Some people expressed surprise at the length of the video generated by this large model:

picture

picture

Source: https://twitter.com/cybersphere_ai/status/1737257729167966353

Others say this is a revolutionary large language model.

picture

Some people have also called on Google to make VideoPoet open source as soon as possible. The general trend waits for no one.

With the development of generative AI, there has been a recent wave of new video generation models that demonstrate stunning picture quality. One of the current bottlenecks in video generation is generating coherent large movements. But in many cases, even leading models can only produce smaller motions, or exhibit noticeable artifacts when producing larger motions.

In order to explore the application of language models in video generation, researchers from Google introduced a large language model (LLM) VideoPoet, which can perform various video generation tasks, including text to video, image to video, video stylization, video Fixes and extensions, and video to audio conversion.

VideoPoet effect display

Text generation video

Tip: A dog listening to music with headphones, rich detail, 8k.

picture

Cue (left to right): A shark shooting laser beams from its mouth; teddy bears walking hand in hand on a rainy Fifth Avenue; a chicken lifting an iron.

picture

Cue (left to right): A roaring lion made of yellow dandelion petals; a massive explosion on the Earth's surface; a horse galloping through Van Gogh's Starry Night; a squirrel in armor riding a goose; a panda taking a selfie.

picture

Image generation video

For image-to-video, VideoPoet can take an input image and animate it via prompts.

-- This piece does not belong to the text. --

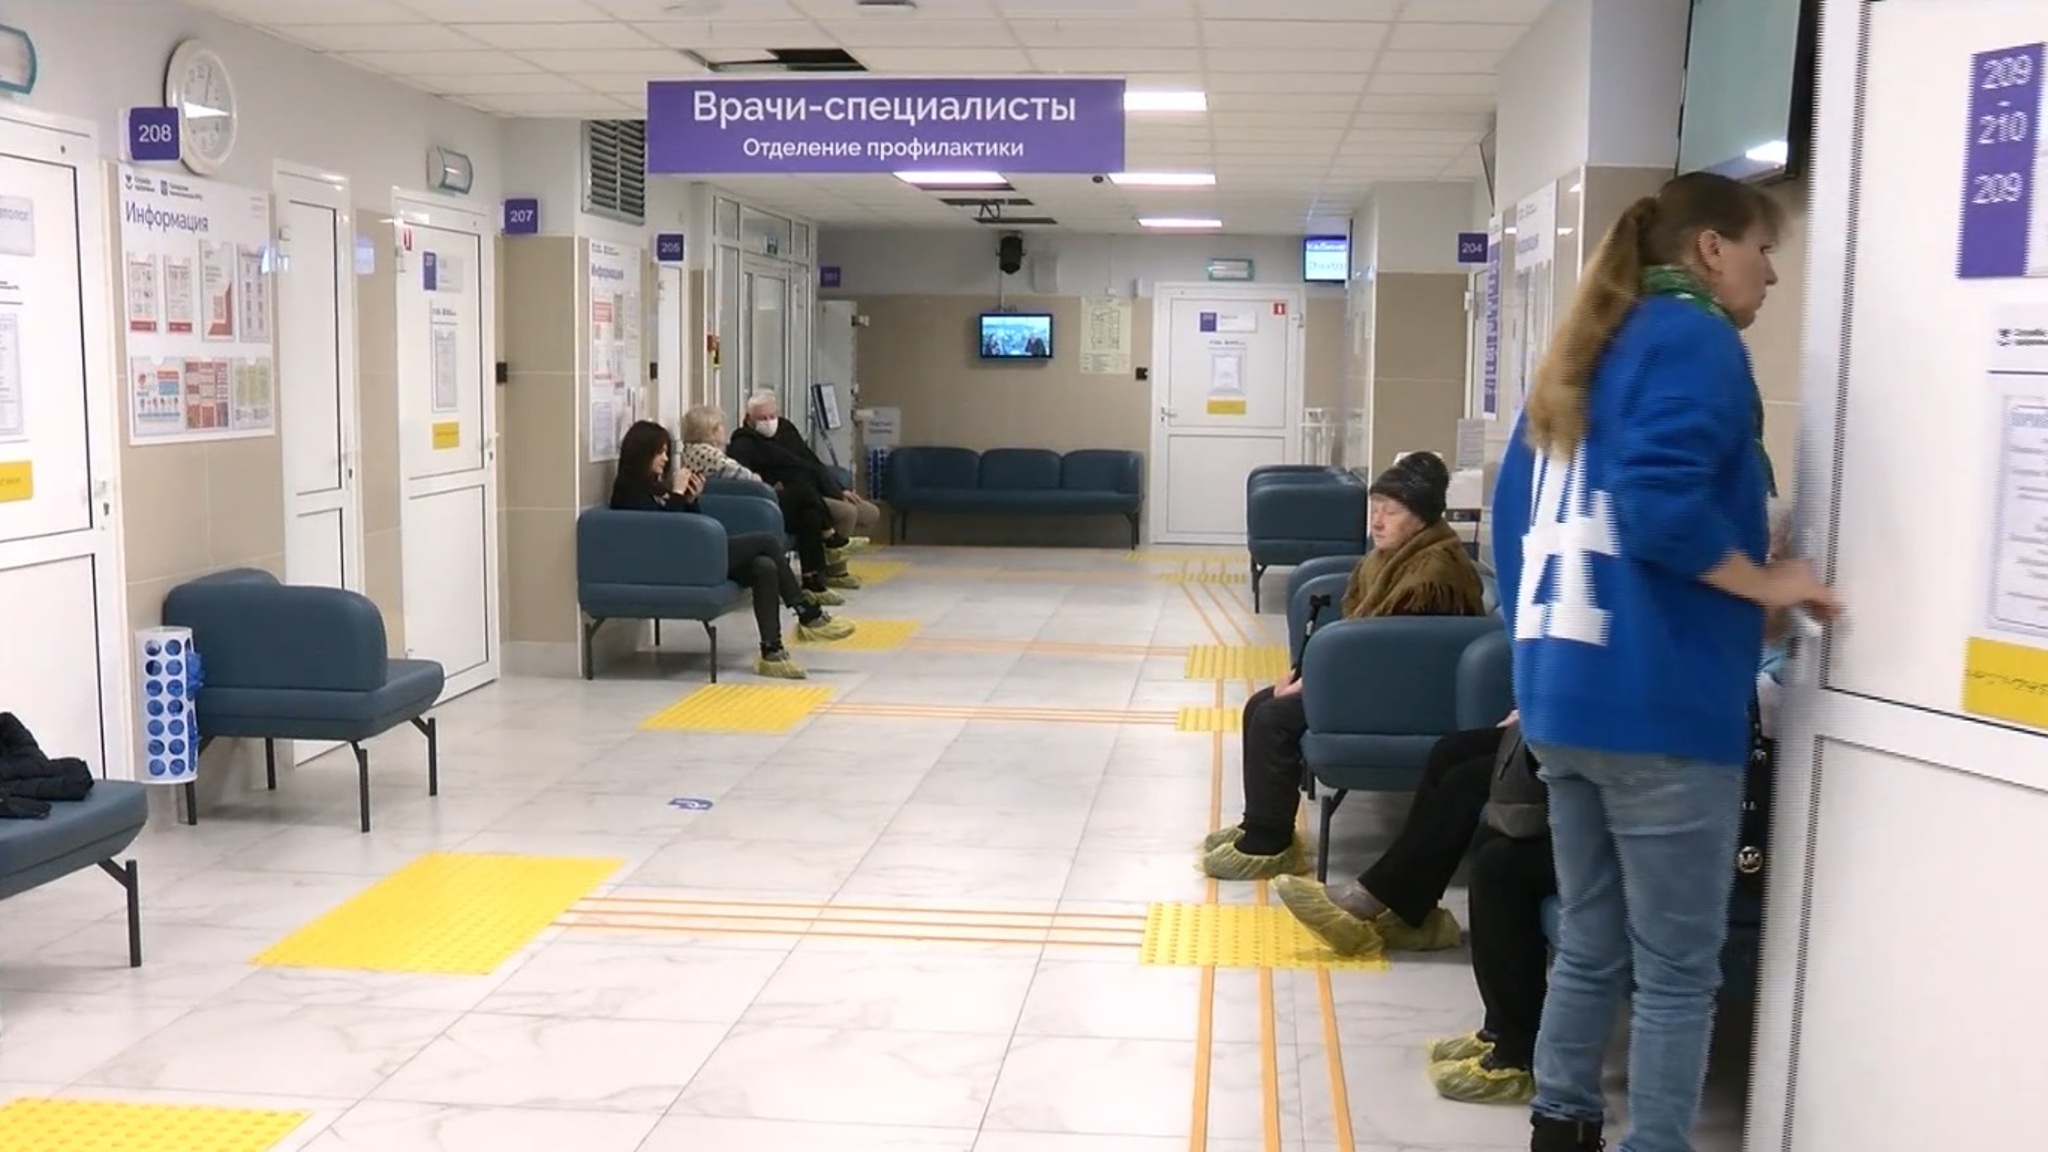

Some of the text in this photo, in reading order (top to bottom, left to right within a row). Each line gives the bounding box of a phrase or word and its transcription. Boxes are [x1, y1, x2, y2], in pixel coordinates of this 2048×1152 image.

To start the Mona Lisa yawning, just enter an image and a prompt: A woman yawning. You will get the following effect.

picture

Cue (from left to right): a ship sailing on a rough sea with thunderstorms and lightning, oil painting style; flying over a nebula with many twinkling stars; a wanderer standing on a cliff with a cane on a windy day, Looking down at the sea of ​​clouds floating below.

picture

stylize video

VideoPoet is also able to stylize input videos based on text prompts.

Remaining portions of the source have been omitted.